Monday, September 12, 2011

No Homo and the Evolution of Tolerance

(ONLY A FEW WEEKS FROM NEGROPEDIA ON SALE DATE. MANY VAINGLORIOUS PLANS IN THE OFFING. WE GOT A PRE-ORDER WIDGET TO THE RIGHT HERE--->> AND NEW HOT FIRE CONTENT COMING. BUT FOR JUST A LITTLE WHILE MORE WE REPUBLISH SOME TAN CLASSIC POSTS (i.e. ONES WITH COMMENTS and CONVERSATION ON THEM!!) ... SO IN THE MEANTIME, IN-BETWEEN TIME, HOLLER AT YOUR BOY, STOCK UP ON CANNED GOODS AND PREPARE FOR THE REVOLUTION!!!)

Jonah Weiner, who serves as one of the hip hop/urban music ambassadors for Slate, has a solid point-of-entry piece on the "No Homo" craze in hip hop (and beyond, since the term has by-and-large crossed over into more of a pop cultural phenomenon). His point, essentially, is: yes, saying "no homo" is still homophobia; but it's a lot better than what used to be status quo in hip hop.

Both those things are true. But, just like when racial or religious or *any* sort of intolerance needs a firmer hand, or at least noting that we are only scratching the surface of a much more profoundly complex issue, I think that's called for here. Because honestly, we need to be further along, and I say that mostly from the spirit of being a fan and hip hop urban-culture enthusiast.

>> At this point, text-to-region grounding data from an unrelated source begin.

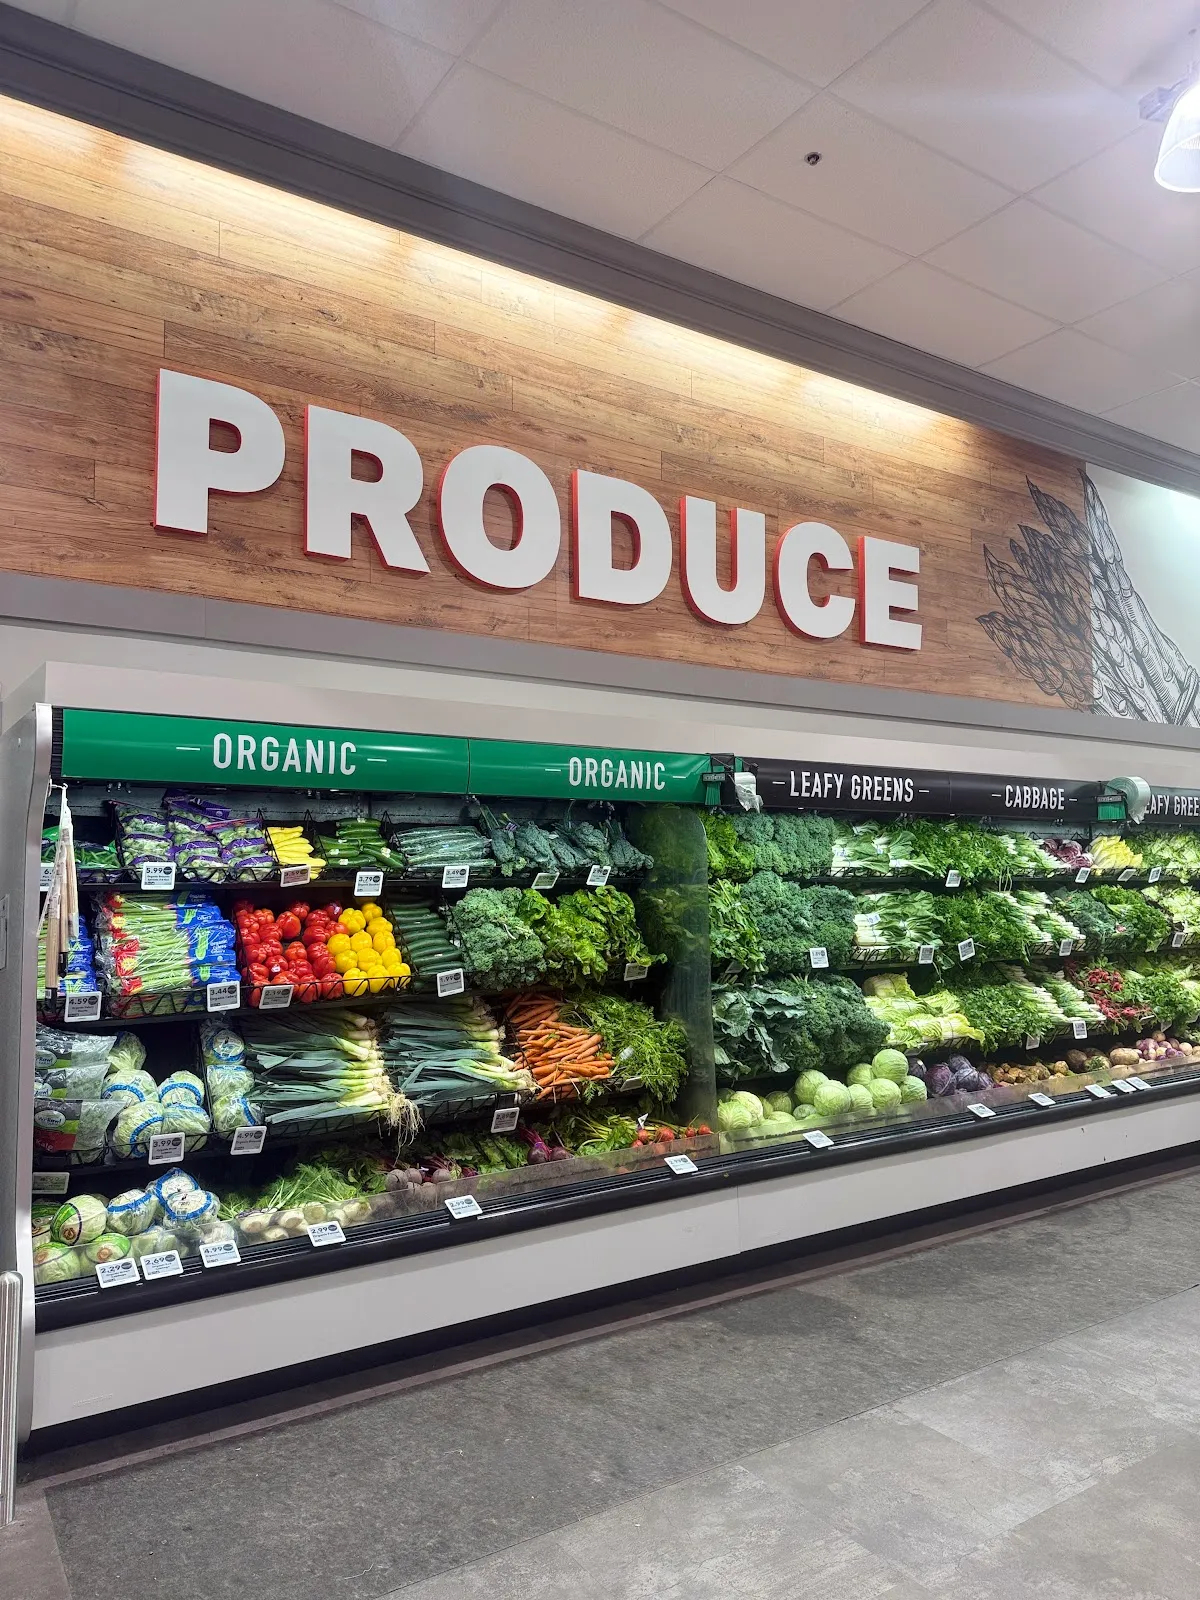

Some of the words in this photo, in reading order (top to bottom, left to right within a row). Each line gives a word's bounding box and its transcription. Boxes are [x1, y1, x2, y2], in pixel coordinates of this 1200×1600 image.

[154, 368, 922, 650] PRODUCE
[212, 733, 357, 776] ORGANIC
[569, 756, 666, 791] ORGANIC
[789, 770, 844, 799] LEAFY
[850, 774, 914, 803] GREENS
[1005, 784, 1065, 810] CABBAGE
[1173, 795, 1200, 817] GREE
[210, 987, 227, 995] 3.44
[69, 997, 88, 1005] 4.59
[153, 1140, 171, 1148] 3.99
[311, 1226, 328, 1234] 2.99
[204, 1246, 223, 1254] 4.99
[145, 1256, 165, 1265] 2.69
[100, 1264, 121, 1274] 2.29

Coates at the Atlantic has run some harsher words over this before. And been much more pointed about the problem. It makes me briefly wonder if Jonah, and/or Slate as proxy, can only approach with a certain cavalier attitude because it's not *their* issue so much. Maybe The Root and Skip Gates need to be slamming the door on this a little harder. Because while i don't actually cry, I do think about shedding a tear or two -- i feel the emotional swelling (no homo) -- when considering the rampant homophobia and ultimately, hypocrisy of intolerance, when I think about all the rappers and artists and *Heroes* who have brazenly been hateful to a group of people. It's really no different than your daddy being a racist.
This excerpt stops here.